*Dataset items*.

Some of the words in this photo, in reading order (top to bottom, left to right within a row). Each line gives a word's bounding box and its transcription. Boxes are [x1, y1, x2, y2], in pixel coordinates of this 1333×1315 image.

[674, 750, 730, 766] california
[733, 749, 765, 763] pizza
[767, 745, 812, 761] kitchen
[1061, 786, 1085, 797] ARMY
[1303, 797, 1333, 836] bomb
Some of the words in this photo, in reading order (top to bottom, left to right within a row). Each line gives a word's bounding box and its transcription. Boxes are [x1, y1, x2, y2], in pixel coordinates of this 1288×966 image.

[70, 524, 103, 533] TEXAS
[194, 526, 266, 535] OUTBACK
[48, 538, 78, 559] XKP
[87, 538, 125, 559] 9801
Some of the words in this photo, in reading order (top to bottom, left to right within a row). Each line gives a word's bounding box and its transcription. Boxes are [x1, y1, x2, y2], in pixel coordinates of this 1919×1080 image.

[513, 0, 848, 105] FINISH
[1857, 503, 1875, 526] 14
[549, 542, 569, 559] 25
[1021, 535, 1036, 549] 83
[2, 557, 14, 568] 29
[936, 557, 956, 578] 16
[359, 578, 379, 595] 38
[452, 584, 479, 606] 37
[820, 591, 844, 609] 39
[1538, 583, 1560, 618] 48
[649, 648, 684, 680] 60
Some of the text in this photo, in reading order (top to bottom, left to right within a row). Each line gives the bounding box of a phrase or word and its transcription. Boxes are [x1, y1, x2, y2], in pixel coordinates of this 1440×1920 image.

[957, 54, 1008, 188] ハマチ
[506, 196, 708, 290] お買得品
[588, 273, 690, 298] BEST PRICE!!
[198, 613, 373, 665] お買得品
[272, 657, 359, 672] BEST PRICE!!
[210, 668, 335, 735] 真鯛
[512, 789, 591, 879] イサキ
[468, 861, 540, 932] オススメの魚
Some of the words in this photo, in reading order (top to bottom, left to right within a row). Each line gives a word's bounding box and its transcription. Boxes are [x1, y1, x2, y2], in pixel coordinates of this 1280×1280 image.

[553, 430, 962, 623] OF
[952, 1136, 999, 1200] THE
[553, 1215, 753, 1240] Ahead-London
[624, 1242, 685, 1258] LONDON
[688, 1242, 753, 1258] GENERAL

*WHAT THE TASK REQUIRES*.
Write out every record verbatim.

*SOLVED EXERCISE*.
Some of the words in this photo, in reading order (top to bottom, left to right within a row). Each line gives a word's bounding box and its transcription. Boxes are [x1, y1, x2, y2], in pixel coordinates of this 1333×1315 image.

[674, 750, 730, 766] california
[733, 749, 765, 763] pizza
[767, 745, 812, 761] kitchen
[1061, 786, 1085, 797] ARMY
[1303, 797, 1333, 836] bomb
Some of the words in this photo, in reading order (top to bottom, left to right within a row). Each line gives a word's bounding box and its transcription. Boxes are [x1, y1, x2, y2], in pixel coordinates of this 1288×966 image.

[70, 524, 103, 533] TEXAS
[194, 526, 266, 535] OUTBACK
[48, 538, 78, 559] XKP
[87, 538, 125, 559] 9801
Some of the words in this photo, in reading order (top to bottom, left to right within a row). Each line gives a word's bounding box and its transcription. Boxes are [x1, y1, x2, y2], in pixel coordinates of this 1919×1080 image.

[513, 0, 848, 105] FINISH
[1857, 503, 1875, 526] 14
[549, 542, 569, 559] 25
[1021, 535, 1036, 549] 83
[2, 557, 14, 568] 29
[936, 557, 956, 578] 16
[359, 578, 379, 595] 38
[452, 584, 479, 606] 37
[820, 591, 844, 609] 39
[1538, 583, 1560, 618] 48
[649, 648, 684, 680] 60
Some of the text in this photo, in reading order (top to bottom, left to right within a row). Each line gives the bounding box of a phrase or word and its transcription. Boxes are [x1, y1, x2, y2], in pixel coordinates of this 1440×1920 image.

[957, 54, 1008, 188] ハマチ
[506, 196, 708, 290] お買得品
[588, 273, 690, 298] BEST PRICE!!
[198, 613, 373, 665] お買得品
[272, 657, 359, 672] BEST PRICE!!
[210, 668, 335, 735] 真鯛
[512, 789, 591, 879] イサキ
[468, 861, 540, 932] オススメの魚
Some of the words in this photo, in reading order (top to bottom, left to right within a row). Each line gives a word's bounding box and its transcription. Boxes are [x1, y1, x2, y2], in pixel coordinates of this 1280×1280 image.

[553, 430, 962, 623] OF
[952, 1136, 999, 1200] THE
[553, 1215, 753, 1240] Ahead-London
[624, 1242, 685, 1258] LONDON
[688, 1242, 753, 1258] GENERAL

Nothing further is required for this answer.